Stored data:
=== Section Start ===

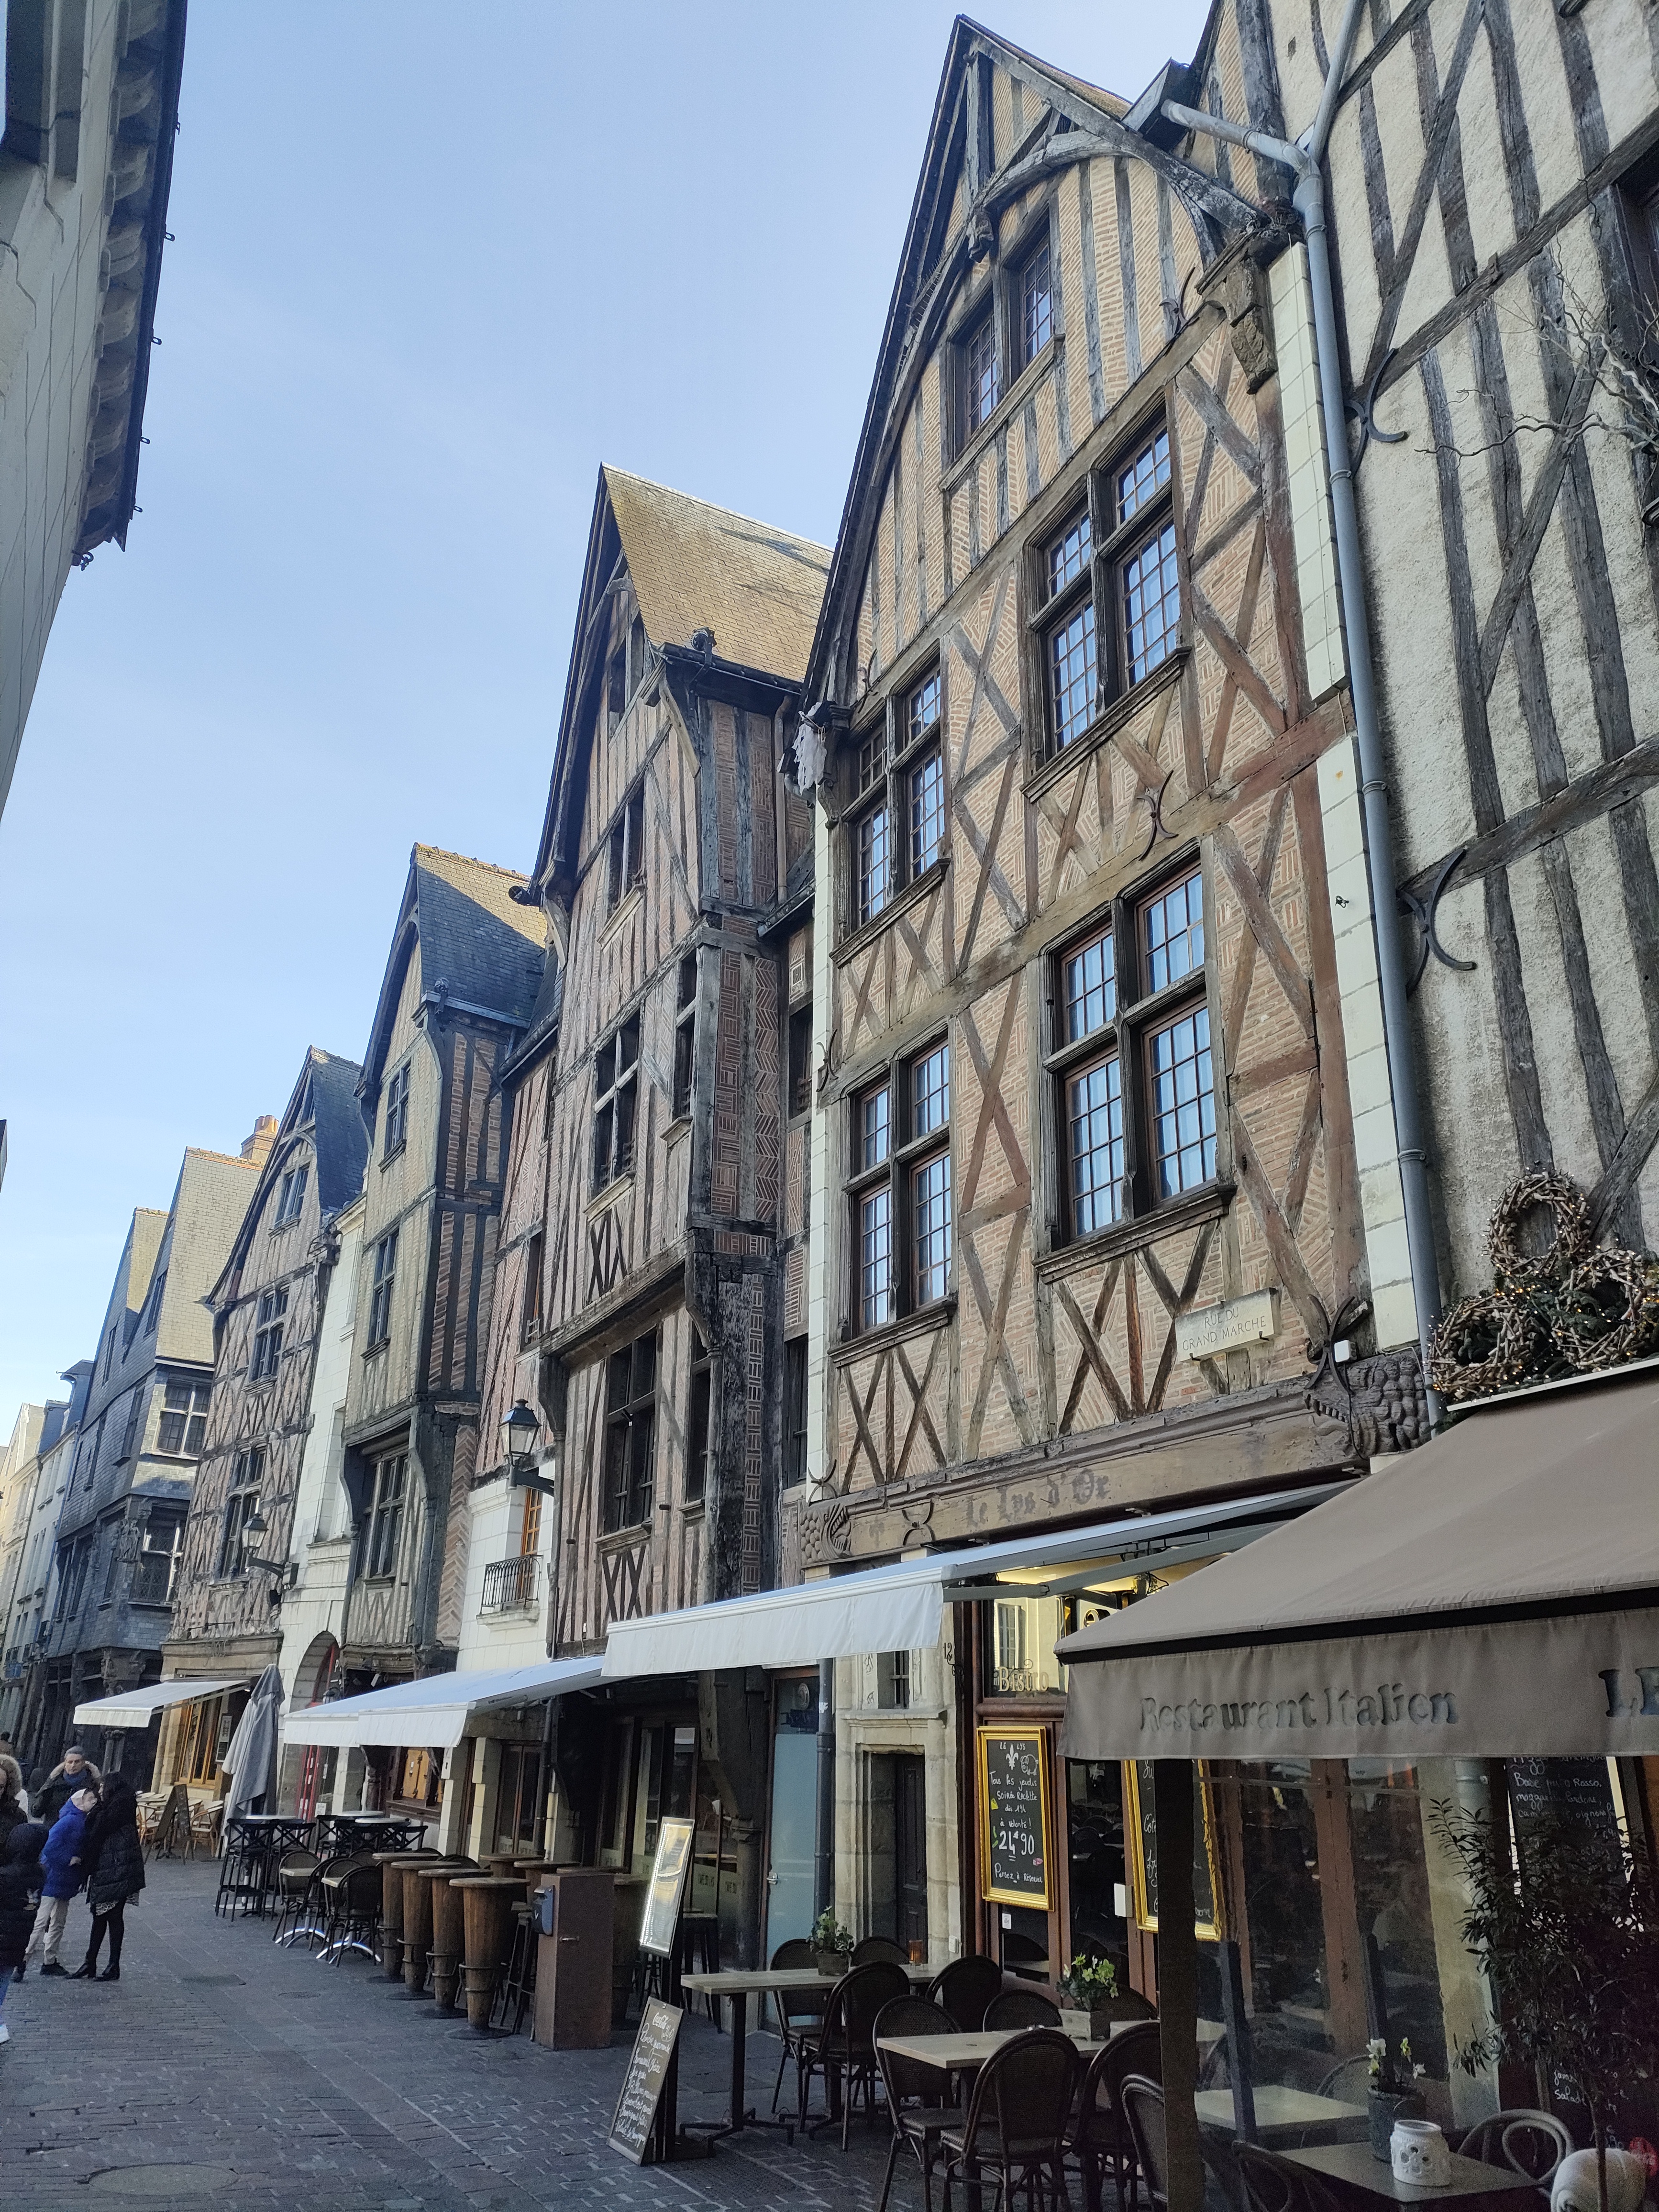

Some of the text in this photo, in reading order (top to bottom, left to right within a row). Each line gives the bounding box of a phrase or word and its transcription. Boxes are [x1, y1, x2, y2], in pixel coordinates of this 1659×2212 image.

[1205, 1307, 1239, 1328] RUE DU
[1183, 1316, 1266, 1351] GRAND MARCHE
[943, 1642, 952, 1661] 12
[998, 1665, 1050, 1692] Bistro
[1140, 1682, 1459, 1732] Restaurant Italien
[989, 1770, 1037, 1791] Tous les jeudis
[1514, 1772, 1541, 1788] Base
[1000, 1818, 1005, 1826] à
[995, 1862, 1014, 1880] Pensez
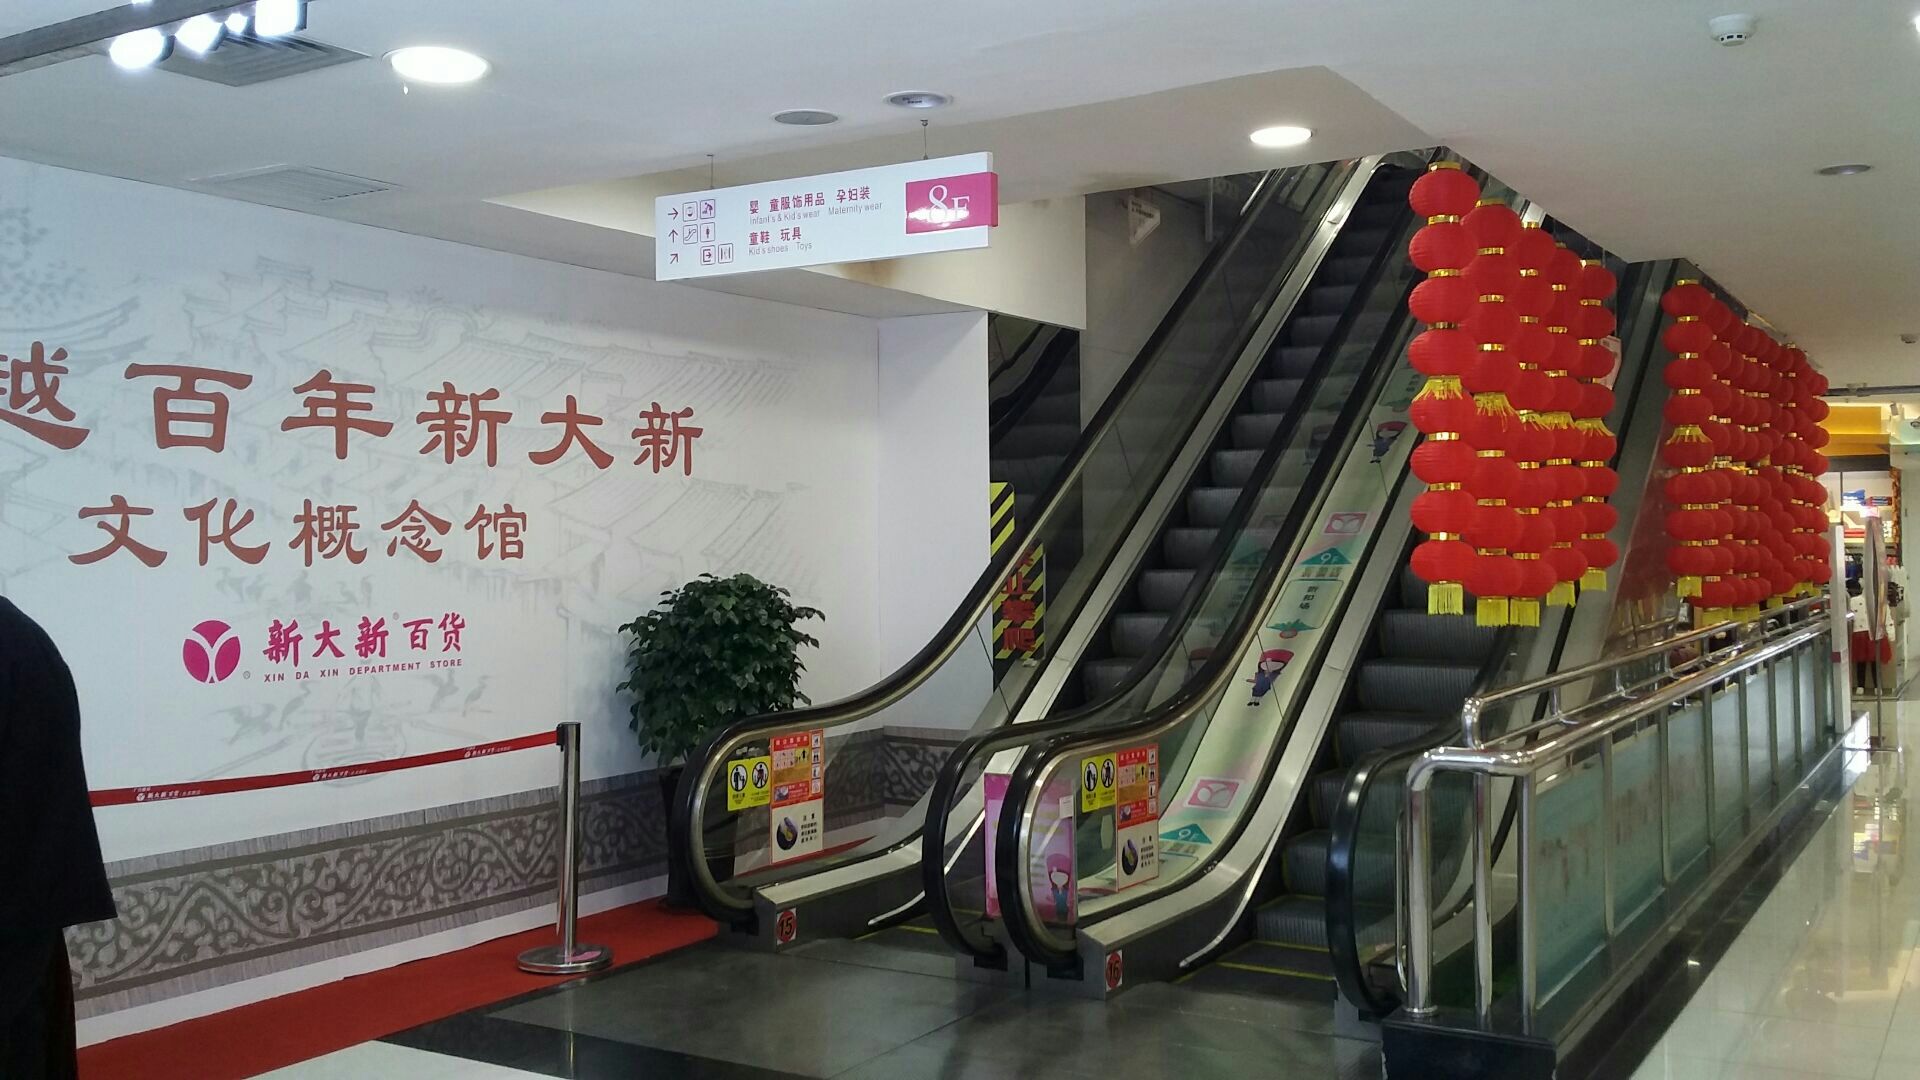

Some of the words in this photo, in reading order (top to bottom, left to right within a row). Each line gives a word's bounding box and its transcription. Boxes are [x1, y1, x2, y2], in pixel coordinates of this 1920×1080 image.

[749, 200, 760, 215] 婴
[769, 191, 826, 213] 童服饰用品
[836, 186, 872, 204] 孕妇装
[803, 210, 820, 219] wear
[828, 203, 863, 216] Maternity
[864, 202, 883, 212] wear
[929, 184, 970, 222] 8F
[749, 230, 770, 246] 童鞋
[780, 226, 802, 242] 玩具
[767, 244, 789, 254] shoes
[796, 241, 813, 252] Toys
[68, 494, 528, 568] 文化概念馆
[263, 672, 285, 683] XIN
[295, 670, 310, 680] DA
[319, 667, 340, 678] XIN
[349, 662, 421, 676] DEPARTMENT
[429, 658, 463, 669] STORE
[780, 916, 793, 937] 15

=== Section End ===

> _Task description_:
Return every line above verbatim, pictures excluded.

> _Response_:
Some of the text in this photo, in reading order (top to bottom, left to right within a row). Each line gives the bounding box of a phrase or word and its transcription. Boxes are [x1, y1, x2, y2], in pixel coordinates of this 1659×2212 image.

[1205, 1307, 1239, 1328] RUE DU
[1183, 1316, 1266, 1351] GRAND MARCHE
[943, 1642, 952, 1661] 12
[998, 1665, 1050, 1692] Bistro
[1140, 1682, 1459, 1732] Restaurant Italien
[989, 1770, 1037, 1791] Tous les jeudis
[1514, 1772, 1541, 1788] Base
[1000, 1818, 1005, 1826] à
[995, 1862, 1014, 1880] Pensez

Some of the words in this photo, in reading order (top to bottom, left to right within a row). Each line gives a word's bounding box and its transcription. Boxes are [x1, y1, x2, y2], in pixel coordinates of this 1920×1080 image.

[749, 200, 760, 215] 婴
[769, 191, 826, 213] 童服饰用品
[836, 186, 872, 204] 孕妇装
[803, 210, 820, 219] wear
[828, 203, 863, 216] Maternity
[864, 202, 883, 212] wear
[929, 184, 970, 222] 8F
[749, 230, 770, 246] 童鞋
[780, 226, 802, 242] 玩具
[767, 244, 789, 254] shoes
[796, 241, 813, 252] Toys
[68, 494, 528, 568] 文化概念馆
[263, 672, 285, 683] XIN
[295, 670, 310, 680] DA
[319, 667, 340, 678] XIN
[349, 662, 421, 676] DEPARTMENT
[429, 658, 463, 669] STORE
[780, 916, 793, 937] 15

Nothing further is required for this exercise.